_Exercise_
Pictures do not belong in the copy; print every entry exactly as it stands.

_Data provided_
★ ★ ★
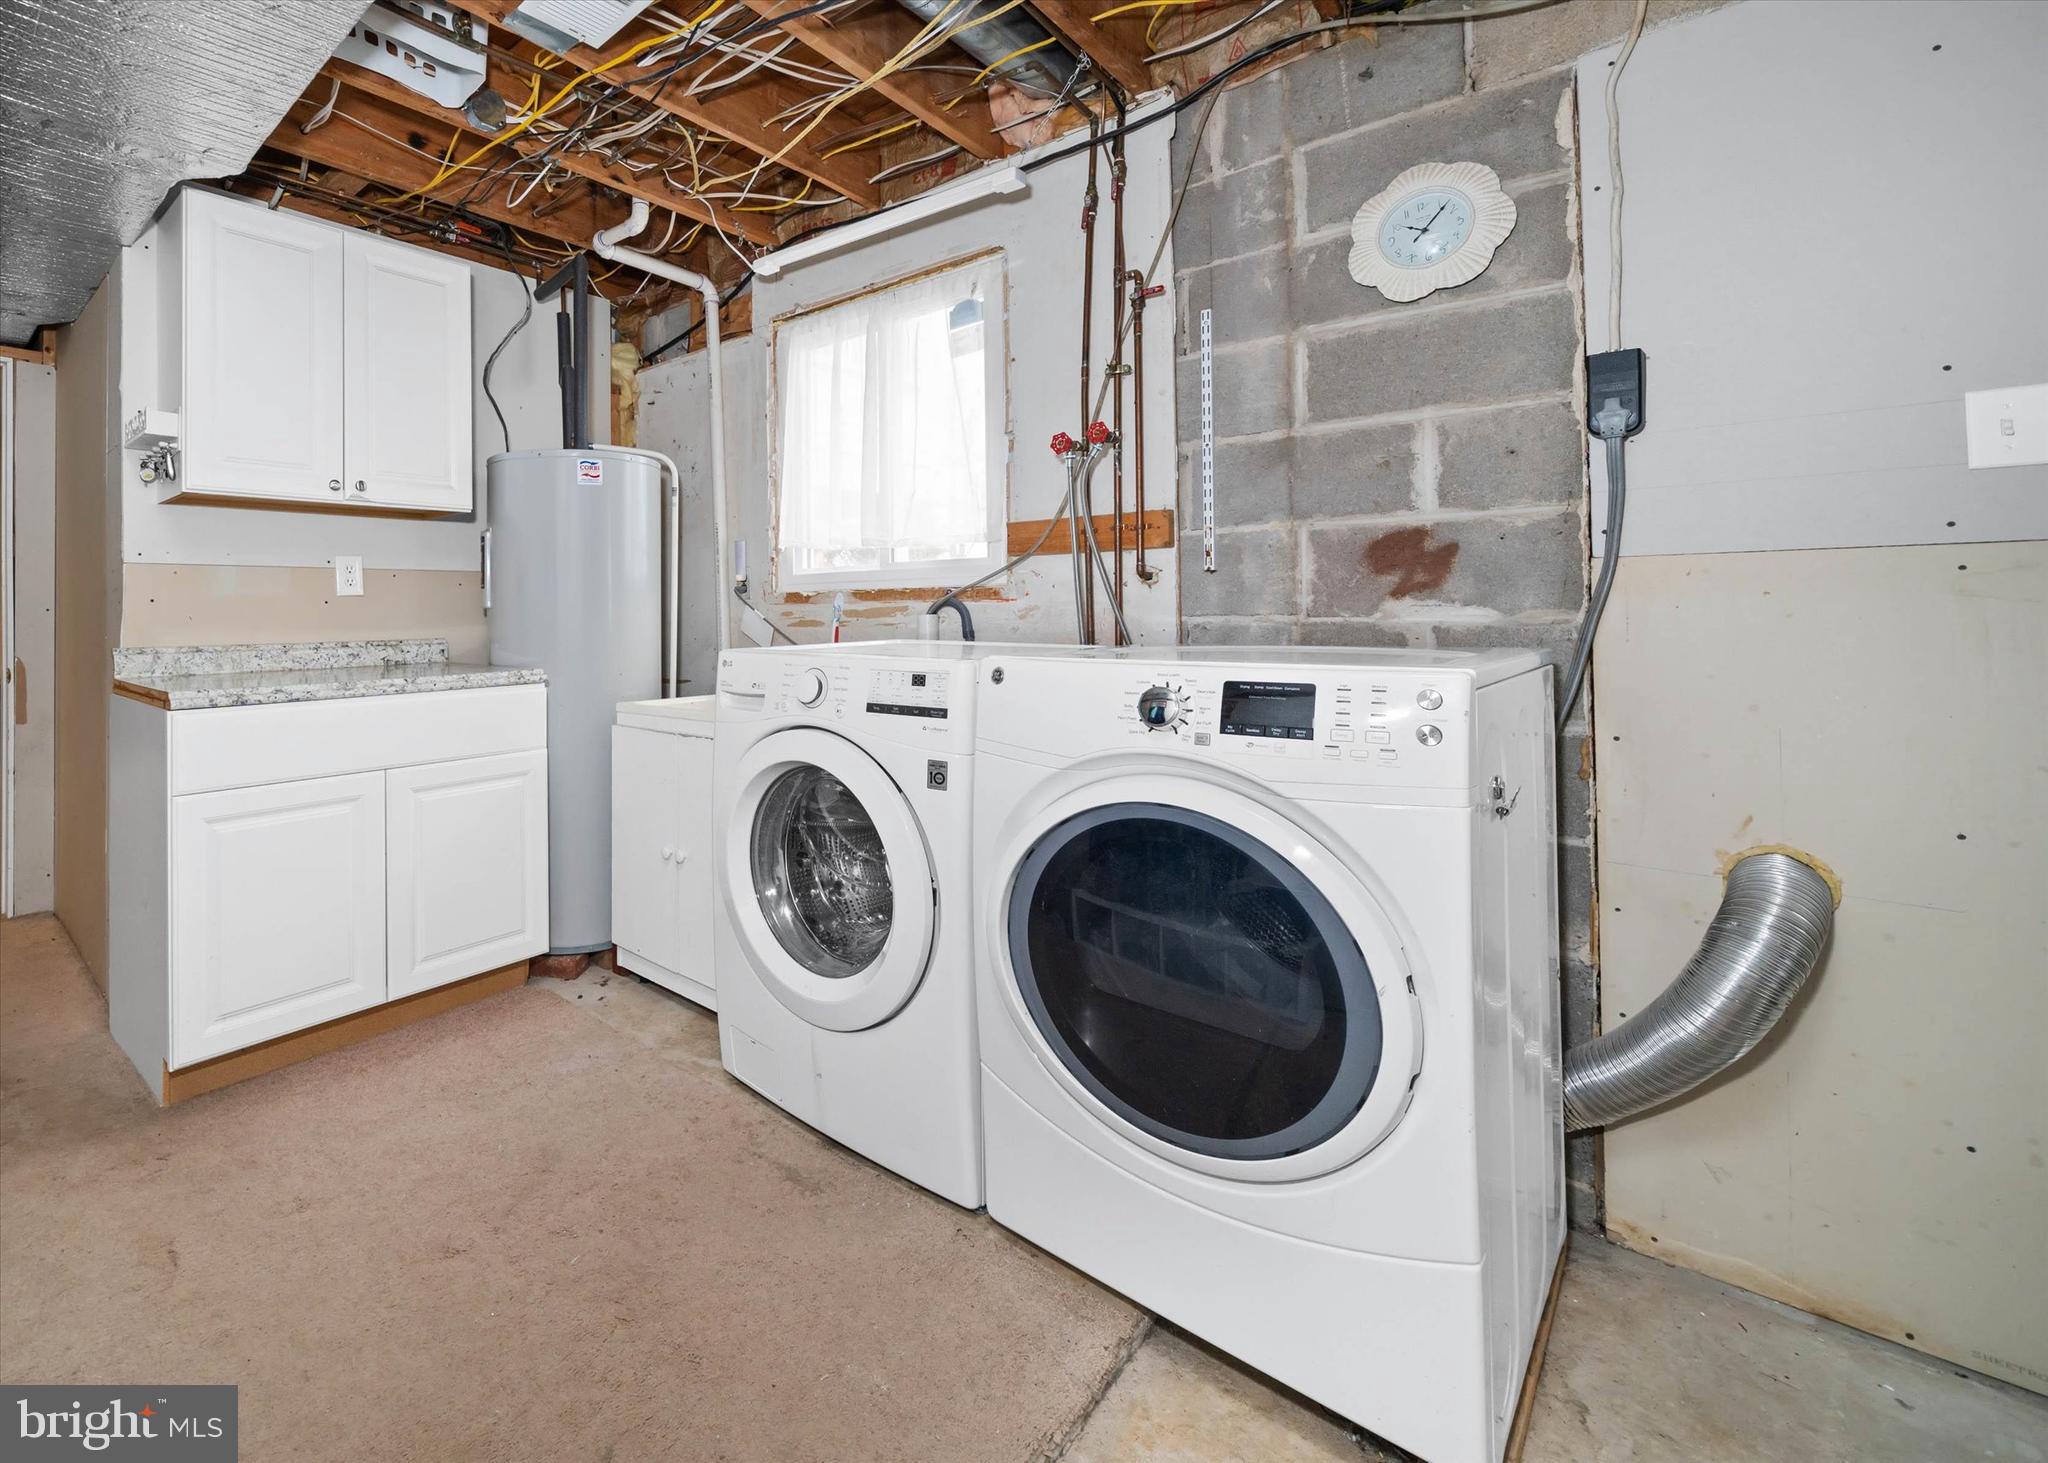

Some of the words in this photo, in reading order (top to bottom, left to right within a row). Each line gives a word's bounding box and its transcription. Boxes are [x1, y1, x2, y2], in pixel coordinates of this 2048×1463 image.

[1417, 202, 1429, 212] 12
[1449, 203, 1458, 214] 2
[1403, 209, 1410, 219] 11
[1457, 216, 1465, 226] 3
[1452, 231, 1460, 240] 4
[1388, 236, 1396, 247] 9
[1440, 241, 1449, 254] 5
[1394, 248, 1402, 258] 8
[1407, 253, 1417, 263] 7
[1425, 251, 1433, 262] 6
★ ★ ★
_Result for this exercise_
Some of the words in this photo, in reading order (top to bottom, left to right within a row). Each line gives a word's bounding box and its transcription. Boxes are [x1, y1, x2, y2], in pixel coordinates of this 2048×1463 image.

[1417, 202, 1429, 212] 12
[1449, 203, 1458, 214] 2
[1403, 209, 1410, 219] 11
[1457, 216, 1465, 226] 3
[1452, 231, 1460, 240] 4
[1388, 236, 1396, 247] 9
[1440, 241, 1449, 254] 5
[1394, 248, 1402, 258] 8
[1407, 253, 1417, 263] 7
[1425, 251, 1433, 262] 6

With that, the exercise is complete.